◆ ACTIVITY
From top to bottom, retype the data exactly, passing over any picture.
[[ ENTRIES SHOWN, beginning ]]
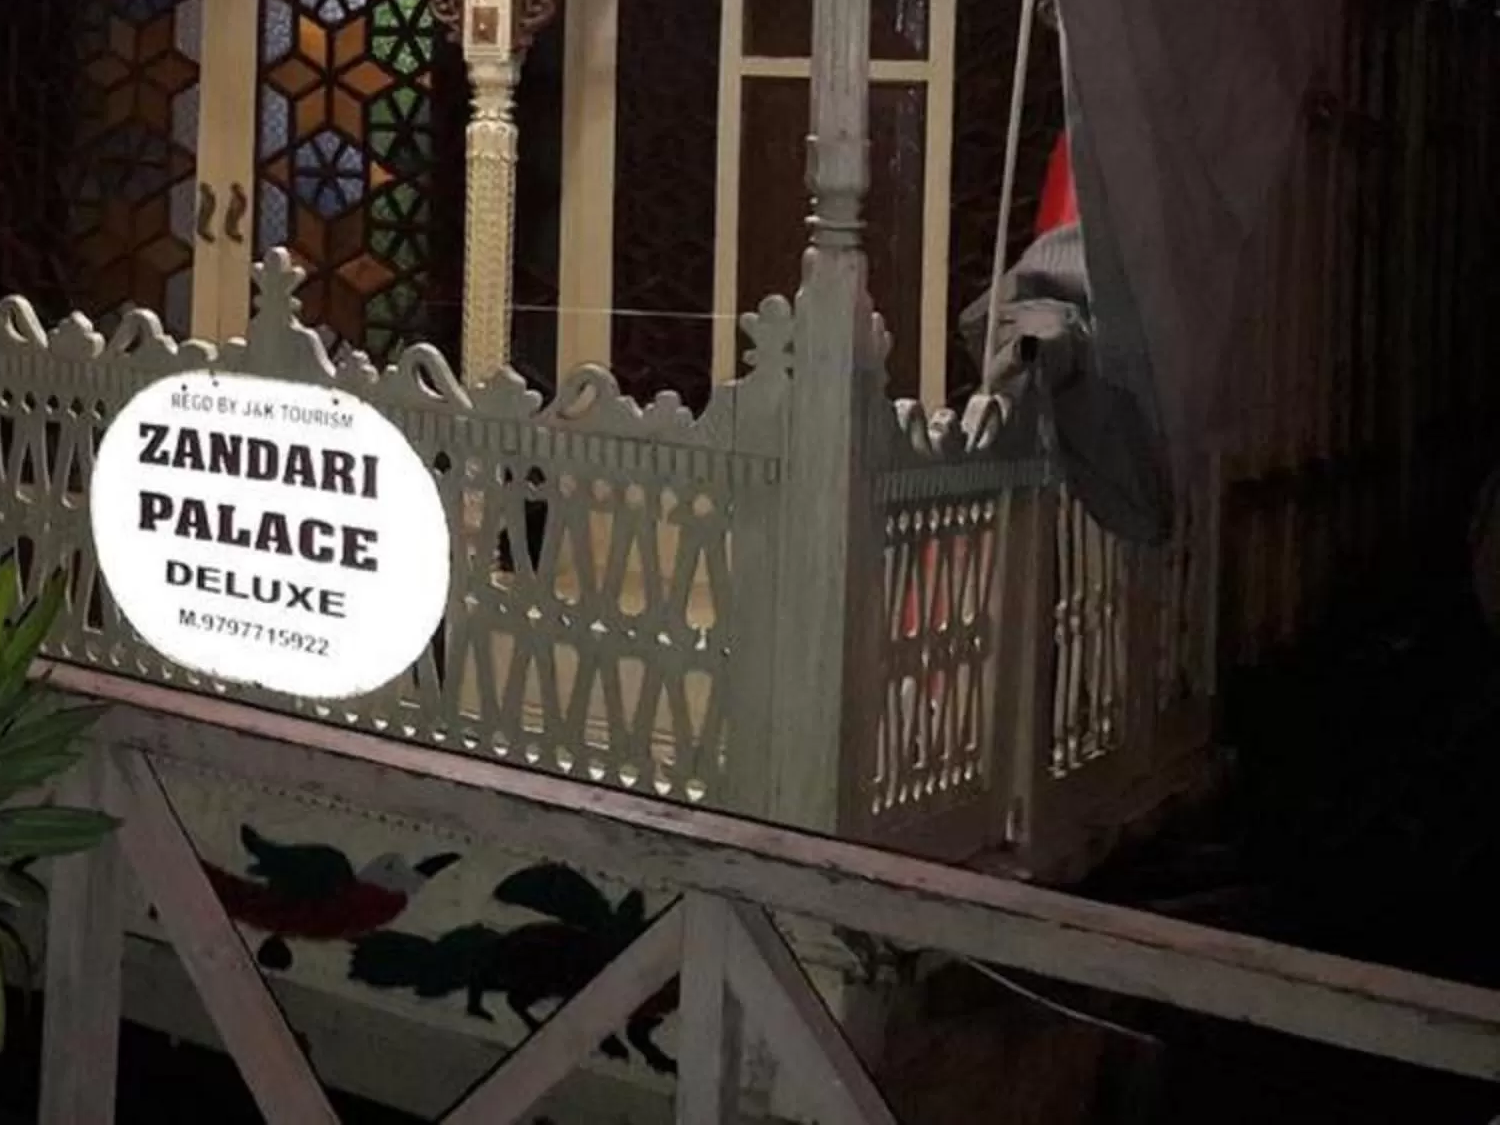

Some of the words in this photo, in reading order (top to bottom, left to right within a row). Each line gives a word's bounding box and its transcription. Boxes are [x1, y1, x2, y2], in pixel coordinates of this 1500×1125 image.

[217, 396, 237, 414] BY
[280, 404, 353, 428] TOURISM
[139, 423, 378, 499] ZANDARI
[139, 491, 378, 572] PALACE
[166, 560, 346, 619] DELUXE
[179, 608, 329, 656] M.9797715922
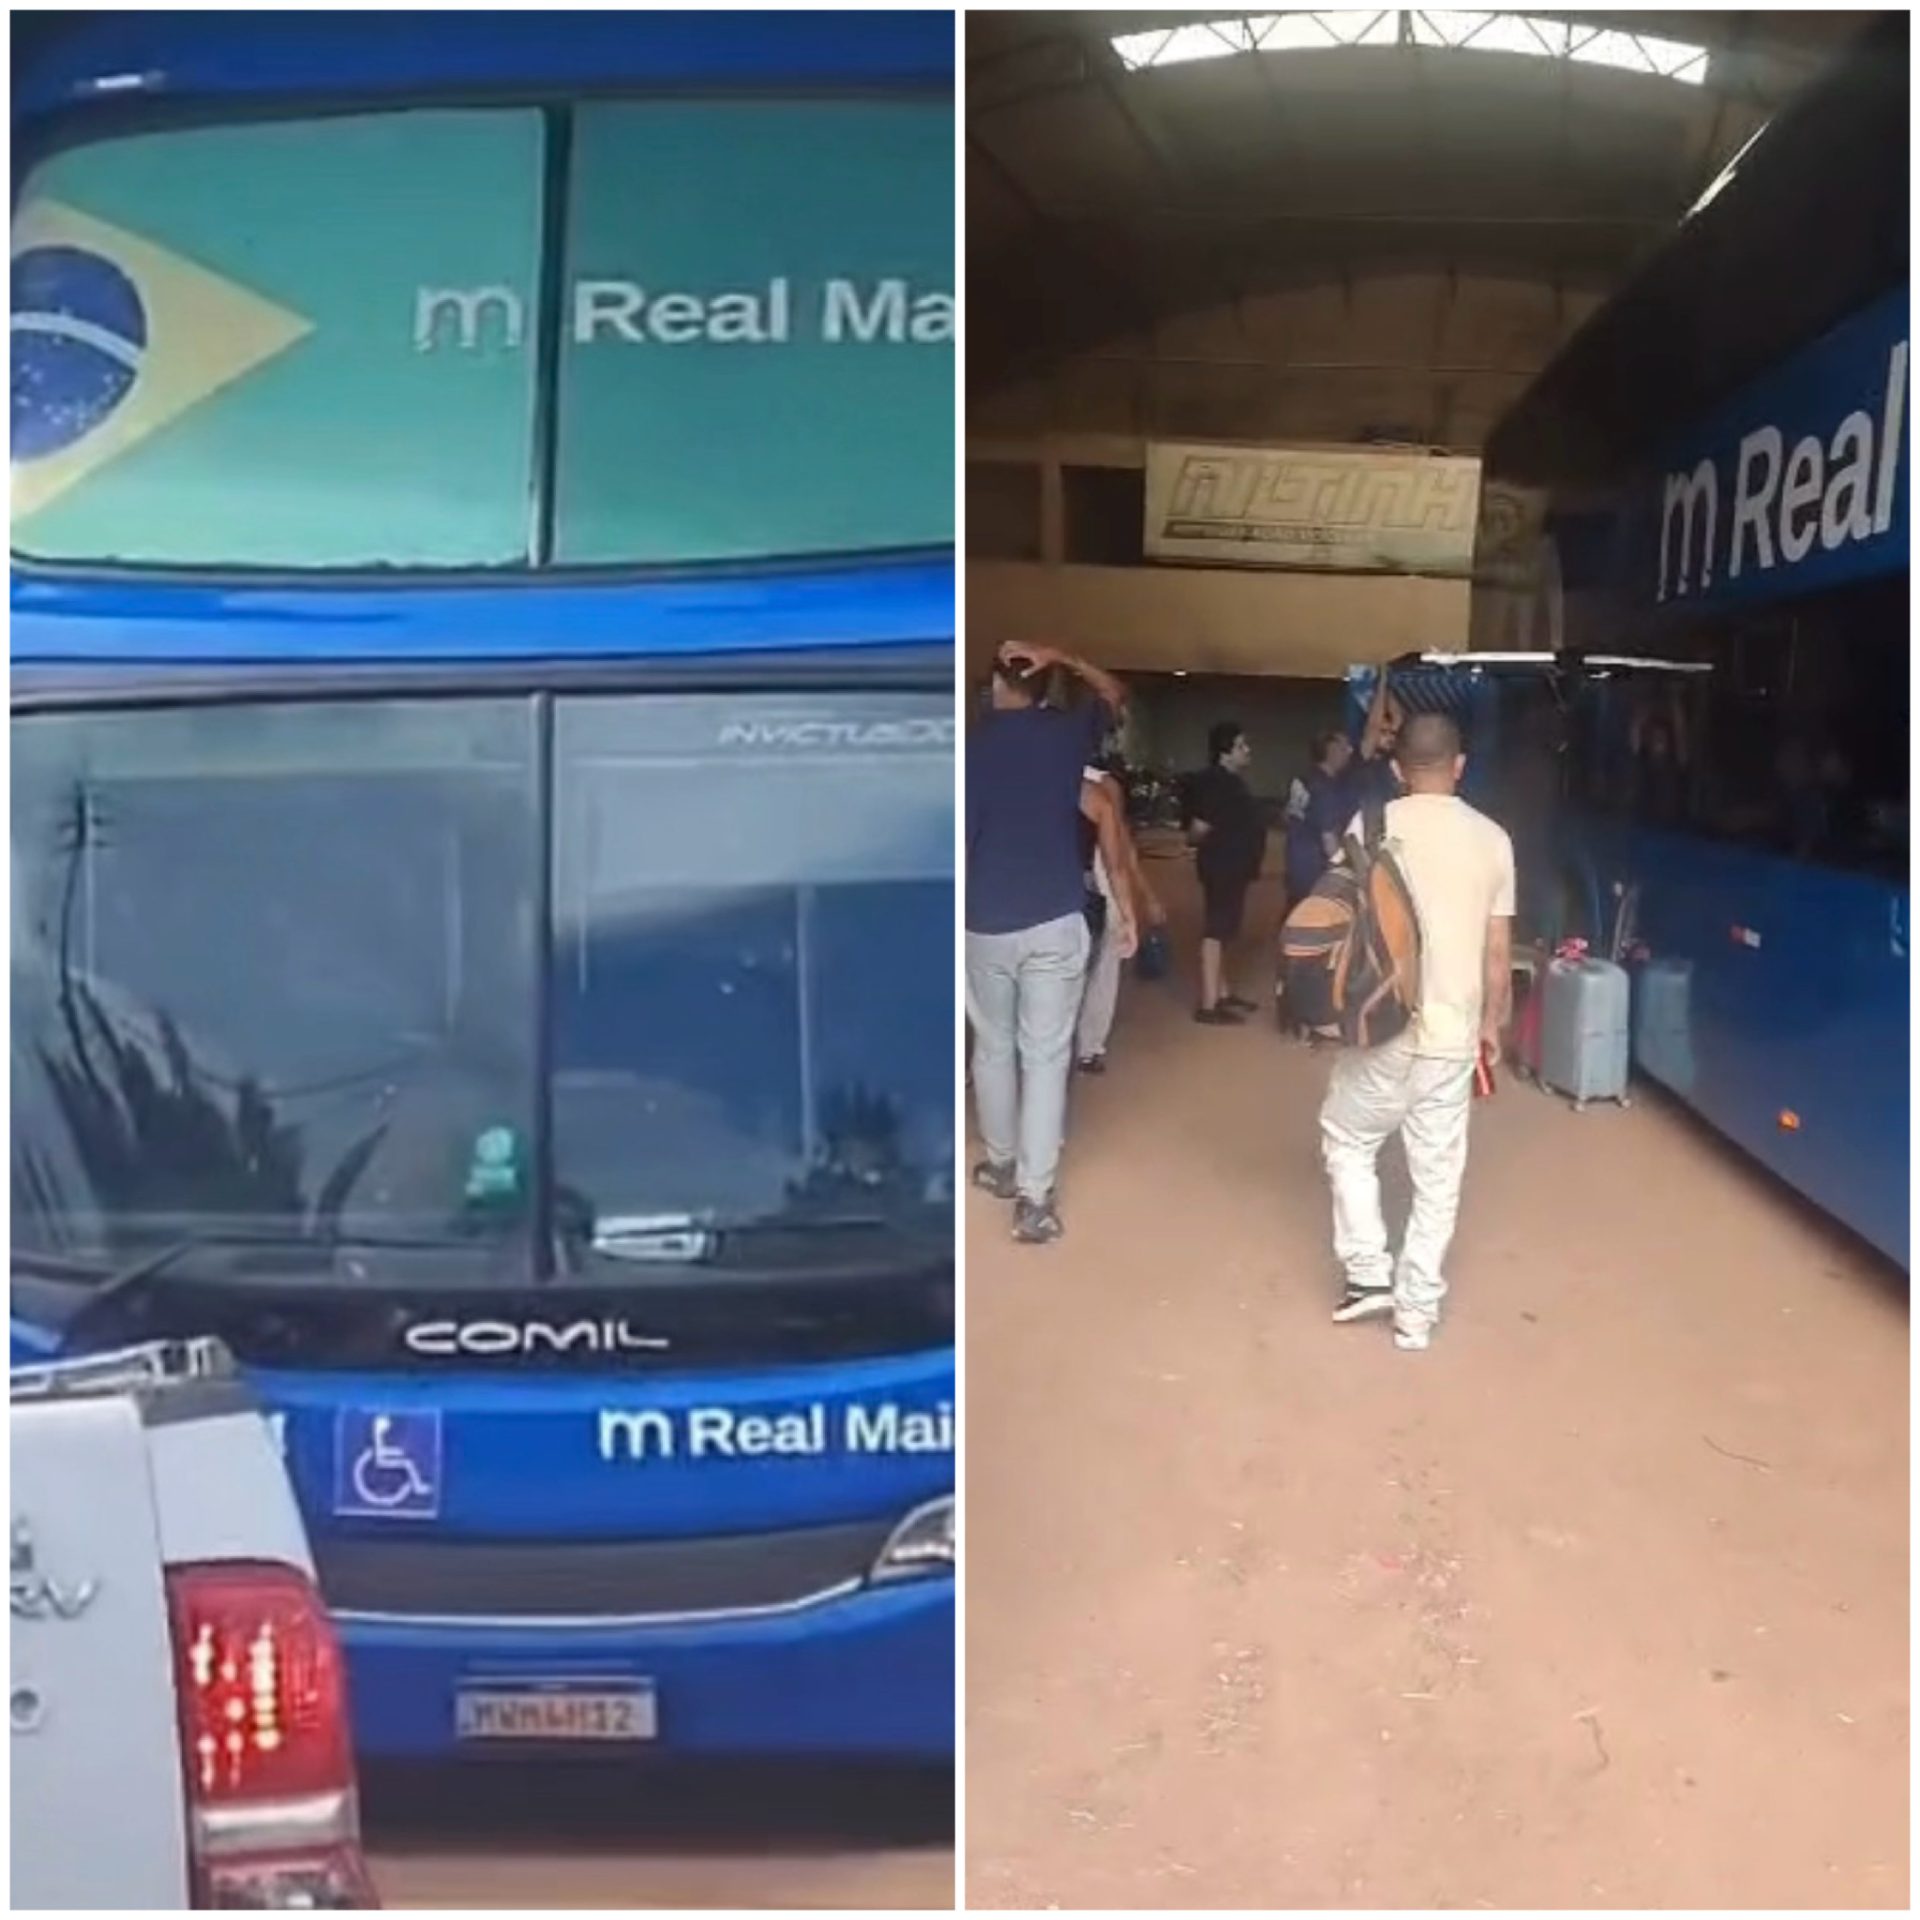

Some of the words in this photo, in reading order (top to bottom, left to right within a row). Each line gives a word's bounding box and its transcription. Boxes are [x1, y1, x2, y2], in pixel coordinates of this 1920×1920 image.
[[ ENTRIES SHOWN, end ]]
◆ EXPECTED ANSWER
Some of the words in this photo, in reading order (top to bottom, left to right within a row). Each line gives a word's bounding box and its transcription. Boxes are [x1, y1, x2, y2], in pixel coordinates of this 1500×1125 image.

[217, 396, 237, 414] BY
[280, 404, 353, 428] TOURISM
[139, 423, 378, 499] ZANDARI
[139, 491, 378, 572] PALACE
[166, 560, 346, 619] DELUXE
[179, 608, 329, 656] M.9797715922

Some of the words in this photo, in reading order (top to bottom, left to right within a row). Each line gives a word's bounding box and its transcription. Boxes are [x1, y1, x2, y2], in pixel coordinates of this 1920×1920 image.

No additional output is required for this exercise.